Analyzing the Pregnant Workers Fairness Act: Will It Sufficiently Protect Employee Rights?

On August 11, 2023, the Equal Employment Opportunity Commission (EEOC) issued a Notice of Proposed Rulemaking (NPRM) for enabling rules to the Pregnant Workers Fairness Act (PWFA). Congress passed the PWFA to address gaps left in case law under Title VII of the Civil Rights Act of 1964, the Americans with Disabilities Act (ADA), and the Family and Medical Leave Act.

The PWFA requires “employers”—defined as companies or individuals who employ fifteen or more employees—to accommodate “pregnancy related” conditions. However, questions remain whether this legislation actually fills in the gaps it was designed to correct.

The Title VII of the Civil Rights Act of 1964 had been interpreted to include prejudice based on pregnancy. Yet, case law showed gaps in protection, specifically about employers adequately providing for accommodations to pregnant workers. There was uncertainty whether the act mandated reasonable accommodations, such as lighter duty or more frequent breaks, for pregnant employees, much like the legal protection provided for persons with disabilities under the ADA.

In creating the PWFA, Congress aimed to rectify this ambiguity. Still, certain unclear terms within the Act makes it less certain whether the PWFA has achieved its purpose.

The term “employers” isn’t well-defined, increasing uncertainty about who is obligated to accommodate pregnant workers under the Act.
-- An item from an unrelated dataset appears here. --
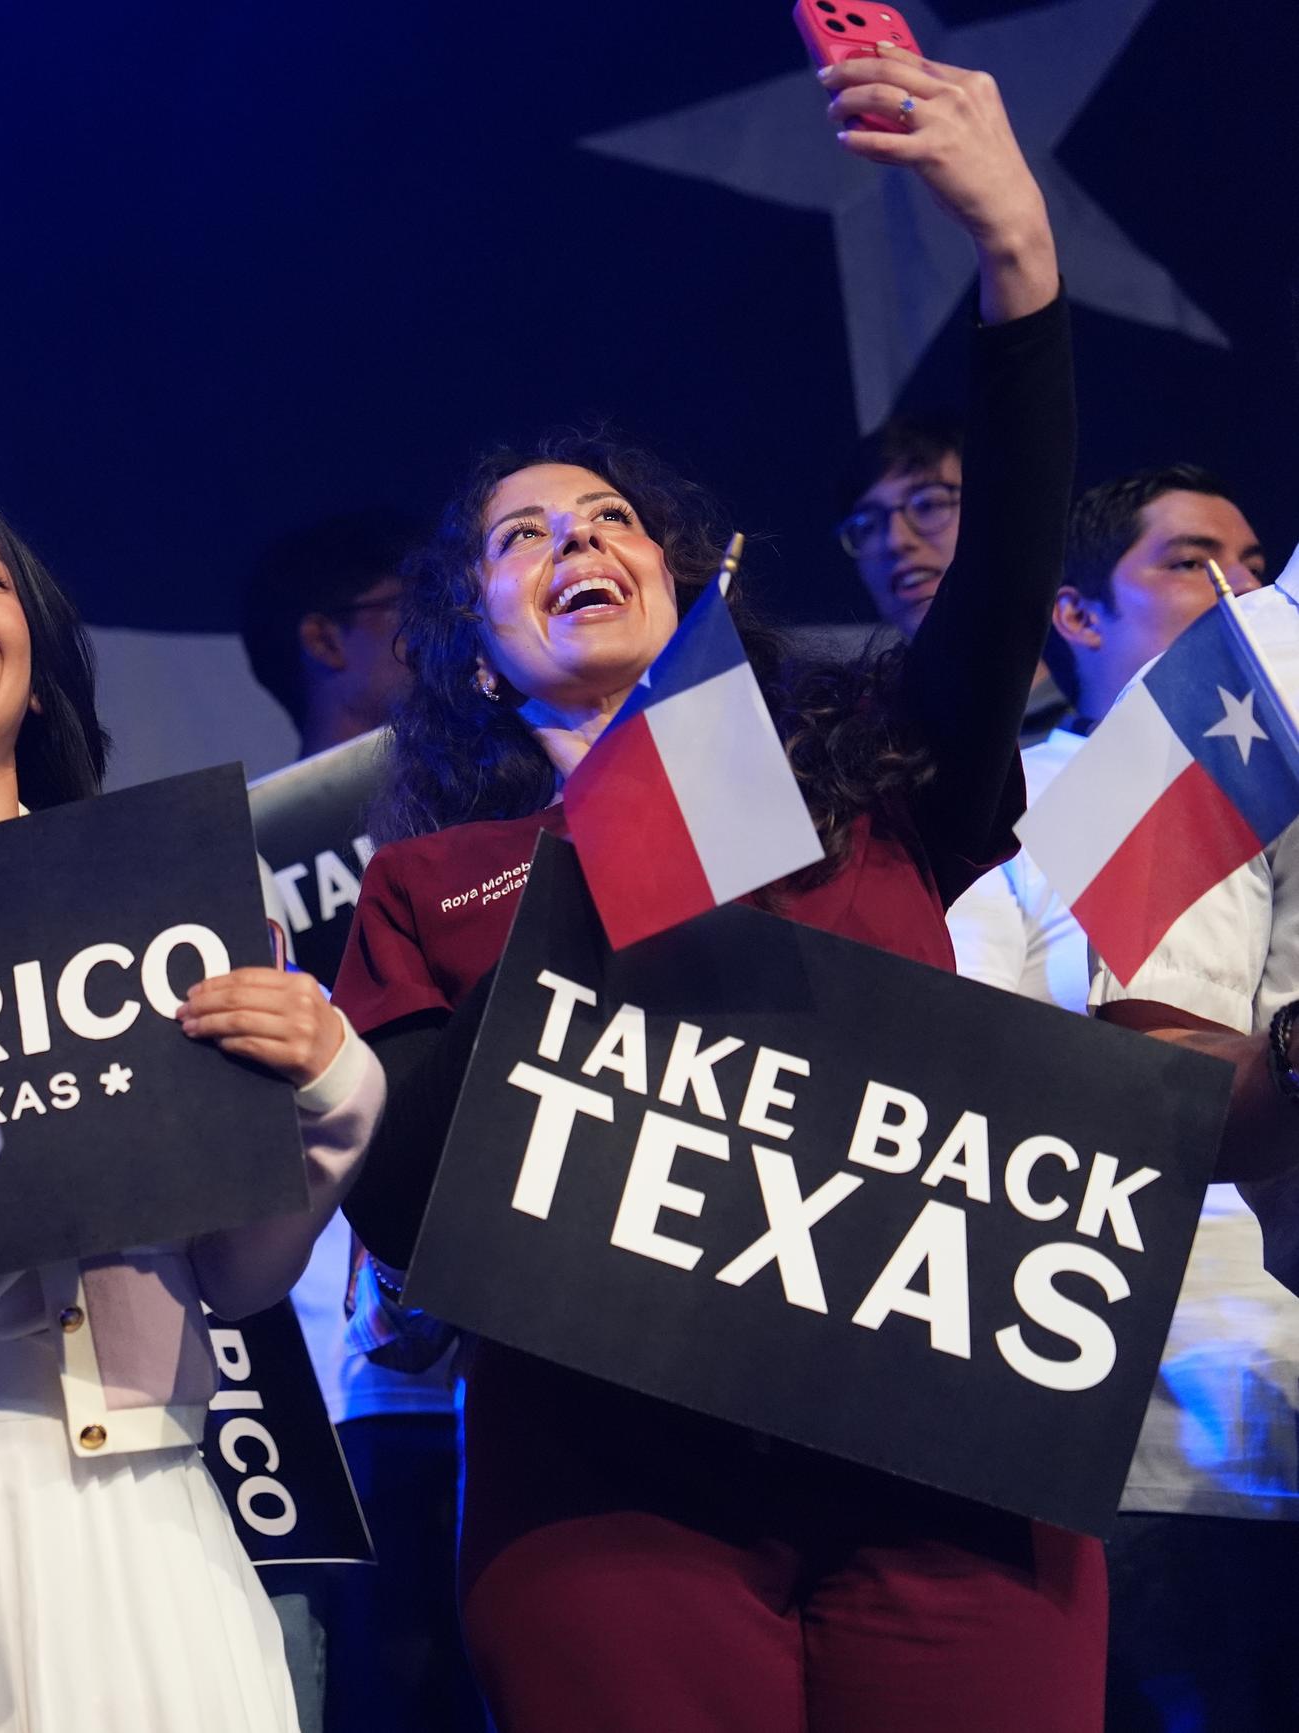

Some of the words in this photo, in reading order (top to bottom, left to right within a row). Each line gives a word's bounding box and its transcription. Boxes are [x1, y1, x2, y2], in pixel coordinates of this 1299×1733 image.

Additionally, the phrase “pregnancy related” hasn’t been fully clarified, leaving room for interpretation and potentially creating difficulty for workers seeking to exercise their rights under the legislation.

As the EEOC continues to work on establishing definitive rules and clearer definitions for the Act, it’s crucial to understand the current legislation’s limitations, to inform policies and uphold workers’ rights.